‘Being Human’ Reveals What’s Human in Monsters

Being Human‘s Series Three ended on a heartbreaking note, the death of tormented vampire Mitchell (Aidan Turner). The new series’ premiere, which airs on BBCA on 25 February, begins on a future earth ruled by vampires. These scenes depart from the series’ usual sense of intimacy, instead offering images that lie somewhere between 1984 and I Am Legend. These broadly post-apocalyptic scenes are mercifully brief, however, and soon give way to the present day, when Annie (Lenora Crichlow), Nina (Sinead Keenan), and George (Russell Tovey), are hoping to survive in Wales.

The trio is currently contending with the orphaned werewolf turned vampire slayer Tom (Michael Socha), who is stalking his prey while working in a greasy spoon and living in his adoptive father’s van. The episode offers a few more shifts in tone and focus, as Tom’s exchange with chirpy customer Dewi (Darren Evans) turns from amusing to shocking, when notice of another death is dropped casually into their dialogue. Not showing it suggests that the characters now live in a world where such losses are commonplace.

Throughout this episode, as it has in past series, Being Human combines cheery sitcom humour and abject misery as a means to convey its overarching theme, that is, family as an essential element in human experience. As the monsters seek stability in their makeshift family, and as they seek meaning in apparently senseless acts, they’re simultaneously vulnerable and unstoppable, fierce and caring. Where Mitchell used to look for order in a prophecy (which was, in fact, only a revenge fiction created by one of his victims), Annie now creates a mythology around the deaths of her friends to help her survive.

Of course, survival has long been another theme in Being Human. Here that idea is reinforced by a second “supernatural trinity”, living parallel lives to the originals’, in Southend-on-Sea. While the primary trio copes with their losses, the old werewolf Leo (Louis Mahoney), ghost Pearl (Tamla Kari), and vampire Hal (Damien Molony) are facing their own impending crisis: Leo, who anchors his friends to the human world, is ailing and won’t survive many more transformations. The group’s impending loss makes them immediately sympathetic, despite their awkward or hostile interactions with the trio we already know.

It also helps that we see Leo and his fellows in scenes where they share a familiar domesticity in Southend, scenes that indicate how they see the world around them, as well as each other. When Leo receives a hopeful message from beyond the veil through his radio, he and his cohorts go in search of a child in Wales. This brings them into contact with George and the daughter he fathered with Nina. Even as Leo is on something of a mission, Moloney’s nuanced performance makes him seem like the anti-Mitchell, prim, obsessive, and self-controlled. But if he lacks Mitchell’s brooding glamour, Leo is also of great interest to his fellow vampires, as an Old One who lives apart from the rest of his kind.

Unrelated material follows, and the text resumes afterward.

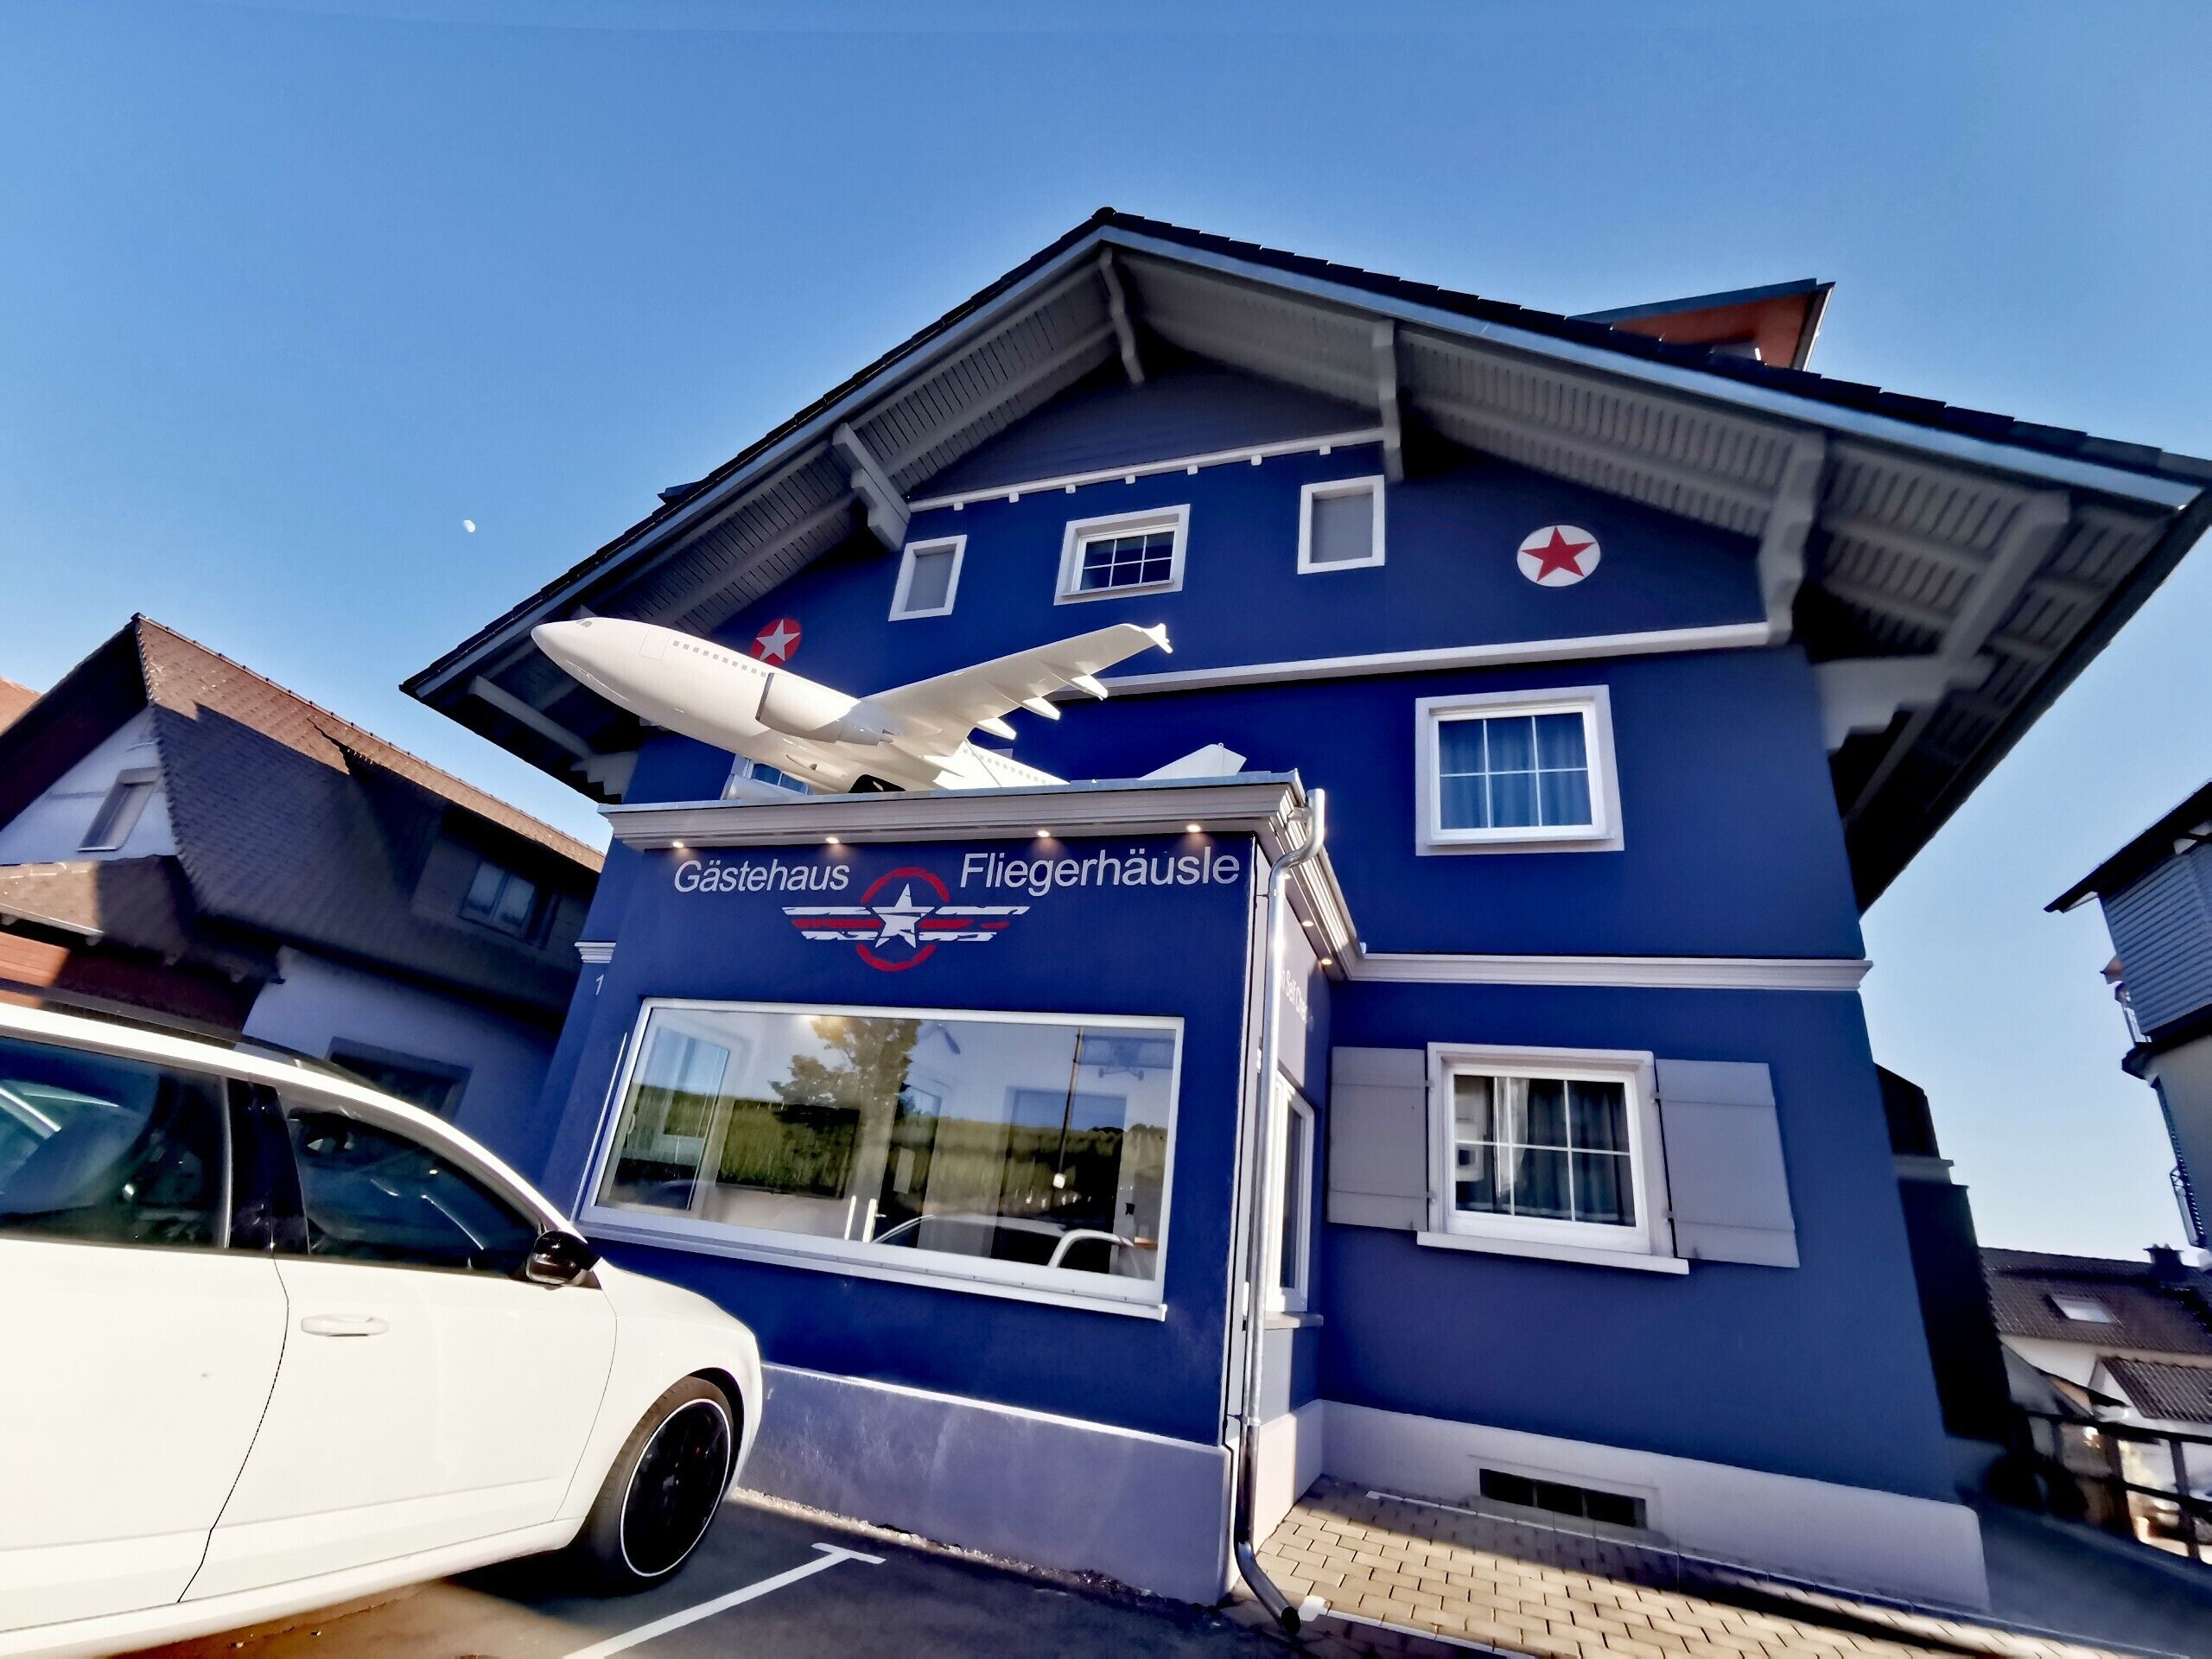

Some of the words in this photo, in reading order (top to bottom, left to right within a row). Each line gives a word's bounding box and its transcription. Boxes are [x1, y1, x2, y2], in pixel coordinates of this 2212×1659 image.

[674, 859, 850, 893] Gästehaus
[960, 846, 1240, 897] Fliegerhäusle
[595, 973, 604, 995] 1

Leo’s differences are not nearly so pronounced as those embodied by the series’ new villains. Wyndham (Lee Ingleby), a vampire who made a brief appearance at the end of Series Three, is supplanted by Griffin (whom Alex Jennings plays mostly to type, as a cold parody of a King and Country old soldier with the stiffest of upper lips). This new vampire reveals a plan to snatch George and Nina’s baby, in order to present her to the Old Ones as a trophy in the war between werewolves and vampires.

As Griffin and his fellow vampires prepare for the Old Ones’ arrival, we also find out a little more about the structure and history of vampire society, since older and younger generations disagree on how to dispose of the human race. Though Griffin and his scheme suffer for their slightly campy silliness, the outcome proves chilling enough. As it turns out, the baby’s significance is greater than Griffin suspects, launching a potentially intriguing series-long story arc, like the “wolf-shaped bullet” of Series Three.

As before, horror fans looking for creature-feature chills won’t find what they want in Being Human. The special effects won’t keep you up nights, the transformations and the blood remain un-frightening. Instead of such visceral sensations, the show reveals what’s human in monsters and vice versa.